Because AI, Data Science are one of the most complex domains in IT and Computer Engineering, you can’t get started with these after learning one, two, or three skills.

So, first I’ll make you clear on what actually is AI, ML, Data Science, and Deep Learning but I won’t be defining each and everything here in this article like what is AI, what is ML, what is Data Science as you can find these things anywhere on the internet. I’ll be guiding you on how to start a journey towards AI, Data Science.

At the end of this article, I’ll mention some amazing AI, ML products, and projects which have brought (are going to bring) a revolution in Technology. That will motivate you more in this field.

AI is a vast field. It has sub-fields mainly Machine Learning, Robotics, and Natural Language Processing. ML has again its sub-domain Deep Learning. And the Heart of all these is Machine Learning as AI is a theoretical thing and ML uses AI to make things happen, to implement all things using programming.
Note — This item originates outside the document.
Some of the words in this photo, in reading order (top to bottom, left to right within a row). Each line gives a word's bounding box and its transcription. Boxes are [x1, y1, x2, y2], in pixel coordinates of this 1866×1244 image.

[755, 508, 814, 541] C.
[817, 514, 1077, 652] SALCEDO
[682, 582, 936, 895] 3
You can clearly understand more about the AI field from the figure below.

fig. AI and it’s sub-fields

And here the roadmap begins.

  1. The first step towards AI, Data Science is not programming, not maths, not even science but preparing a Mindset, Why? Because almost half of students choose AI, Machine Learning field because of hype, who don’t have an interest in maths. Yes, choosing the hot things, cute girl, handsome boyfriend in life is okay, we can have our choice😁😂. But the problem is that we don’t think about what’s within this, we directly get started with things without any vision. Because AI, ML, and Data Science won’t be easy if you can’t make your Maths, Data Structure and Algorithms strong further. You don’t have to be a pro in mathematics to be AI, ML developer (unless you are going to be a Researcher in this field). Just learn the necessary things well. And lots of students give up after they realize the value of mathematics but they aren’t good at it. So, make sure that you’ll prepare these things well in the 1st, 2nd, 3rd year of Engineering, IT study.
  2. The next step in learning is Python Programming. But in most of the engineering, IT colleges, python programming is taught in 3rd years and even some colleges don’t teach python in their curriculum. And Engineering mathematics starts from the first year itself. So, I have put Python Programming and Mathematics at the same level so that you can start with maths or python. Even you can learn python programming yourself parallelly with mathematics.
fig.Complete Roadmap to be Data Scientist (it took my 1 hour to draw😂)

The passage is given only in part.